*What needs to be done*
Give the entries again exactly. Skip the pictures.

*Data records*
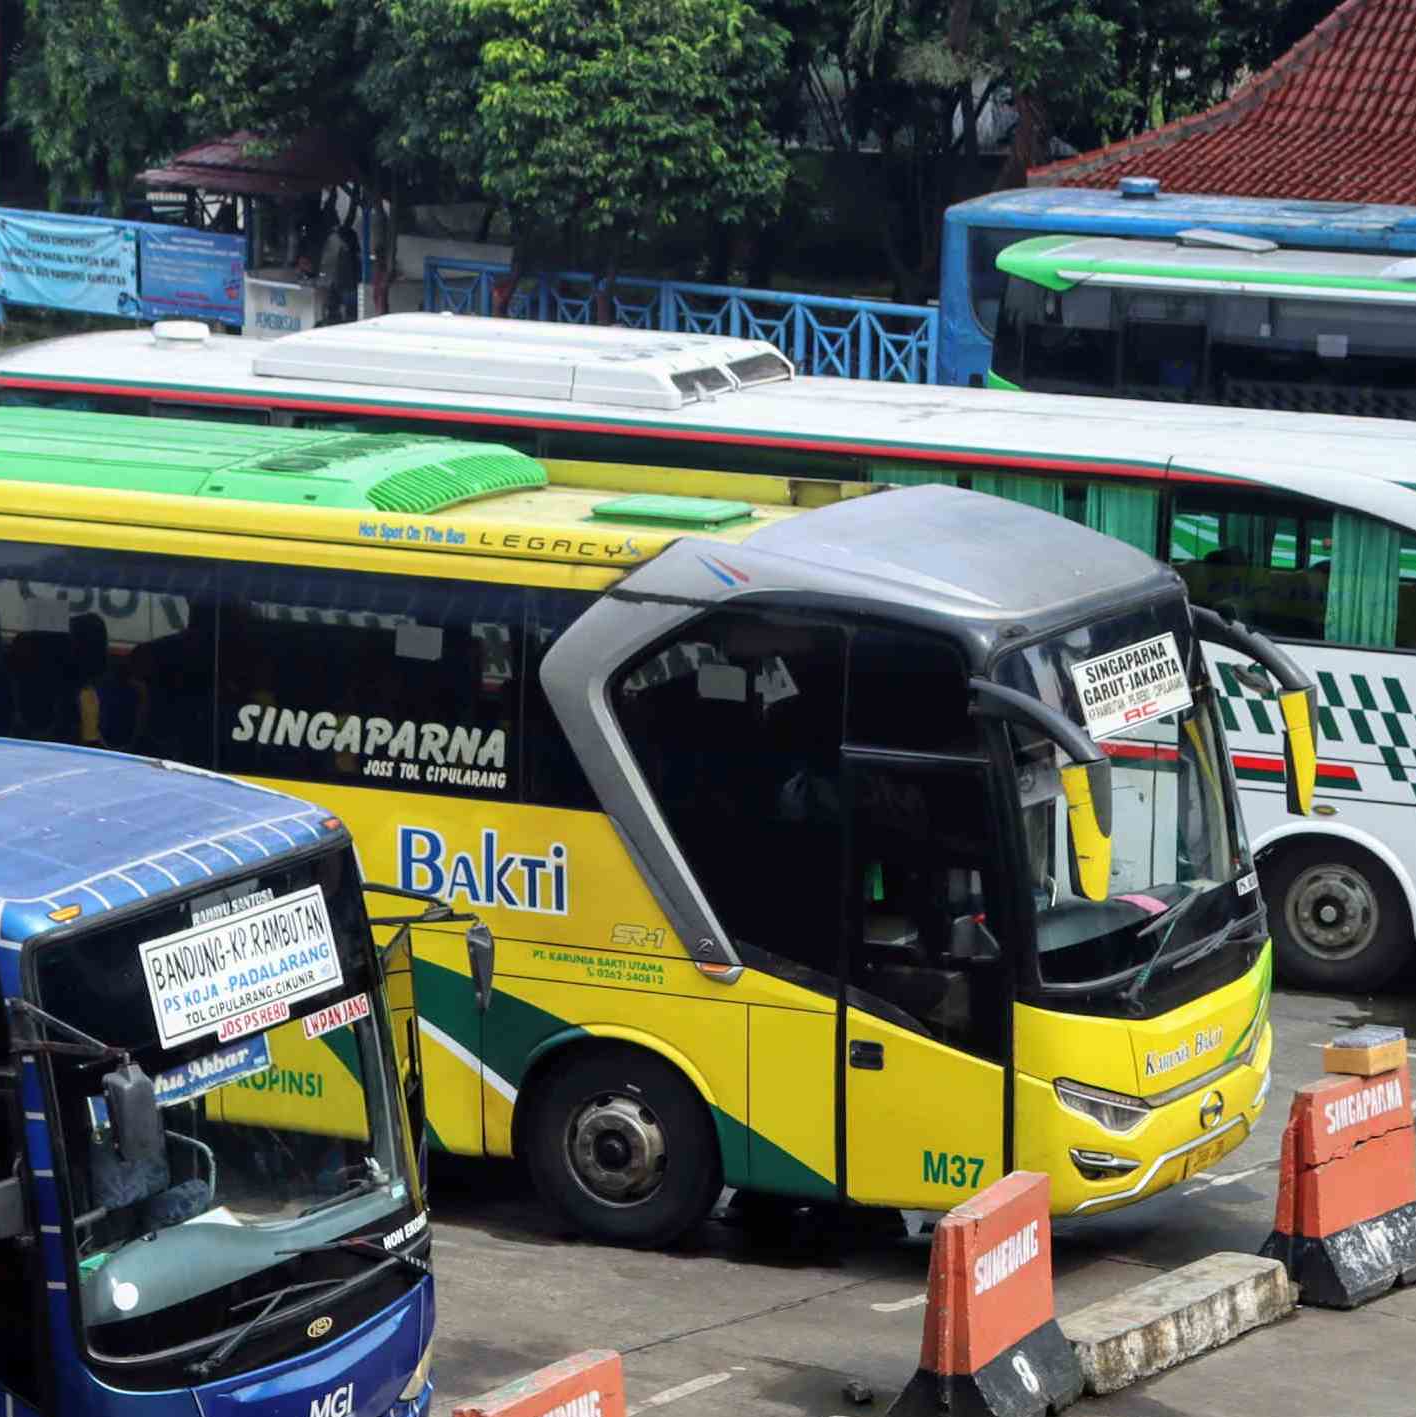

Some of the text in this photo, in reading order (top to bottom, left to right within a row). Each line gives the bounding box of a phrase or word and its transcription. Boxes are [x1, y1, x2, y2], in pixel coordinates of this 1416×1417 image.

[480, 531, 623, 558] LEGACY
[1083, 657, 1180, 706] GARUT-JAKARTA
[1085, 641, 1168, 684] SINGAPARNA
[232, 704, 505, 768] SINGAPARNA
[363, 759, 507, 789] JOSS TOL CIPULARANG
[163, 994, 183, 1014] PS
[184, 1008, 207, 1026] TOL
[1323, 1078, 1404, 1135] SINGAPARNA
[922, 1150, 985, 1189] M37
[973, 1219, 1039, 1296] SUMEDANG
[1012, 1355, 1040, 1394] 8

*Task output*
Some of the text in this photo, in reading order (top to bottom, left to right within a row). Each line gives the bounding box of a phrase or word and its transcription. Boxes are [x1, y1, x2, y2], in pixel coordinates of this 1416×1417 image.

[480, 531, 623, 558] LEGACY
[1083, 657, 1180, 706] GARUT-JAKARTA
[1085, 641, 1168, 684] SINGAPARNA
[232, 704, 505, 768] SINGAPARNA
[363, 759, 507, 789] JOSS TOL CIPULARANG
[163, 994, 183, 1014] PS
[184, 1008, 207, 1026] TOL
[1323, 1078, 1404, 1135] SINGAPARNA
[922, 1150, 985, 1189] M37
[973, 1219, 1039, 1296] SUMEDANG
[1012, 1355, 1040, 1394] 8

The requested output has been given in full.